Investigation of Optoelectronic Functional Crystals: Crystal Growth, Properties and Applications

Optoelectronic functional crystals facilitate the conversion of light and electricity, inspiring breakthroughs in the fabrication of optoelectronic devices. These contraptions play important roles in the development of microelectronics, optoelectronics, communication, aerospace, and modern military technology. There are wide range of optoelectronic functional crystal types, including piezoelectric crystals, electro-optic crystals, laser crystals, nonlinear optical crystals, and scintillation crystals. From the discovery of mineral crystals to the applications of artificial crystals, significant progress has been made in the structural characterization, property modification, growth technique development and application adaptation of optoelectronic functional crystals. In recent years, metal halide perovskite has become an ideal choice for use in photodetectors due to its adjustable bandgap, high carrier mobility, high absorption coefficient, and ease of solution processing. Perovskite-type ferrites are also promising materials for use in electrochemical devices to convert and store energy, such as solid oxide fuel cells and membrane reactors for oxygen separation from air. The accurate characterization and fine-tuning of the crystal structure are crucial for improving the detection sensitivity, response speed, energy conversion and storage efficiency of the relevant devices for both types of perovskite crystal. Third-generation semiconductor materials, represented by aluminum nitride and gallium nitride, have superior properties such as high bandgap width, high breakdown field strength, high thermal conductivity, and low energy loss.
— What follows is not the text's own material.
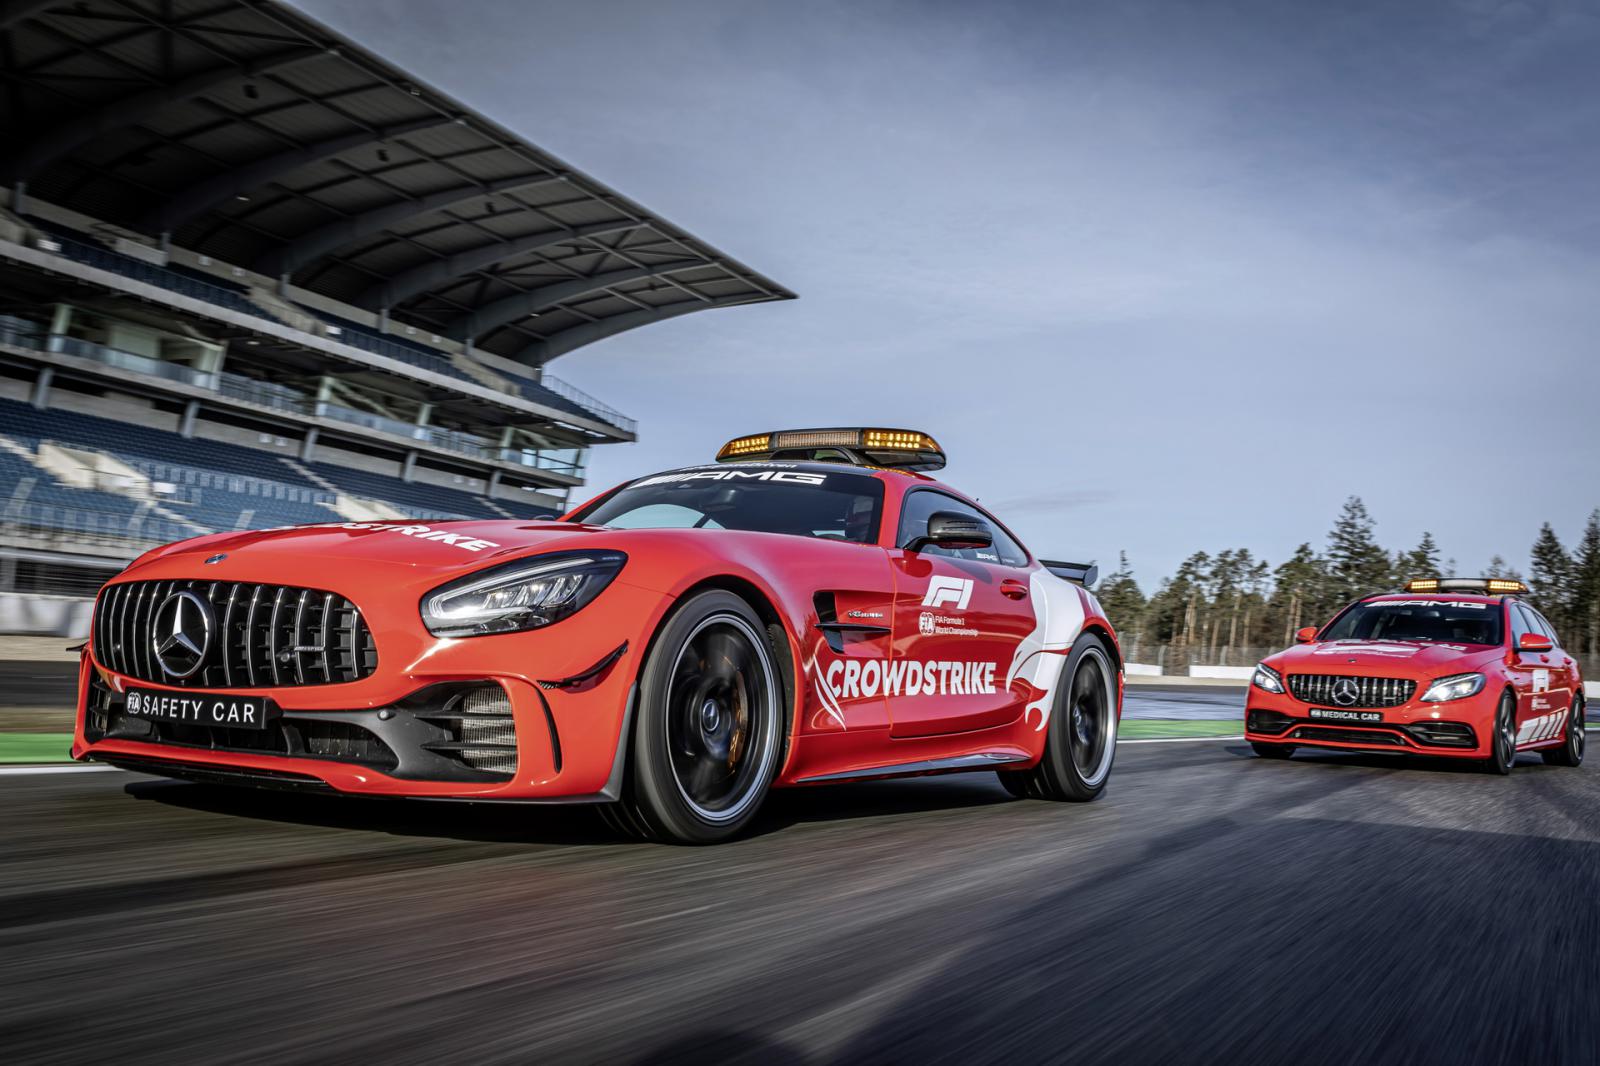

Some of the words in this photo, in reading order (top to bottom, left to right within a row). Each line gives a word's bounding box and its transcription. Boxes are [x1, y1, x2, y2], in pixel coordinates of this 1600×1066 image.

The light-emitting diodes based on these materials show great potential in fields of air and water purification, biochemical detection, sterilization and disinfection, due to their advantages of small size, long lifespan, and adjustable emission wavelength. Lattice mismatch or thermal mismatch in the growth of semiconductor epitaxial layers can lead to the formation of dislocation defects in the crystals, thereby significantly reducing the performance of relevant devices. Introducing a buffer layer or post-growth annealing procedure can effectively suppress the formation of these defects. The effects of buffer-layer growth and post-growth annealing on the surface morphology and crystalline quality of the epitaxial layers obviously deserves systematic investigation. Organic optoelectronic functional materials have advantages of flexibility, low cost and a simple preparation process. They also demonstrate excellent performance in devices such as luminescence, solar cells, field-effect transistors, biosensors, and solid-state lasers. Organic optoelectronic functional materials are usually applied in the form of thin films, which allows for the integration of diverse organic optoelectronic devices into an advanced intelligent system based on optical communication, high-resolution imaging, and health monitoring. Developing a simple and efficient in situ growth method for organic single crystal has become a key step in the integration of these organic optoelectronic devices. Meanwhile, further studies of deep learning, computer vision, robotics and artificial intelligence, deeply involved in the intelligent optoelectronic system, are also beneficial to the final practicalization of the optoelectronic devices.

This Special Issue is issuing a call for research papers and review articles encompassing the growth, properties and potential applications of optoelectronic functional crystals:

Topics include, but are not limited to, the following area:

(1)

Preparation and characterization of optoelectronic materials;

(2)

First-principles study of optoelectronic materials;

(3)

Photocatalytic degradation and photothermal conversion;

(4)

Light emitting and infrared/X-ray imaging;

(5)

Optical modulation and waveguide;

(6)

Wavelength conversion and coherent optical amplification;

(7)

Optofluidic manipulation and interfacial science;

(8)

Deep learning and computer vision for optoelectronic applications;

(9)

Robotics and artificial intelligence for optoelectronic applications;

The guest editors hope that the selected papers for this Special Issue will help scholars and researchers to advance and develop the growth, properties and applications of optoelectronic functional crystals, and also provide some valuable information and recommendations for the development of microelectronics, optoelectronics, communication, aerospace, and modern military technology.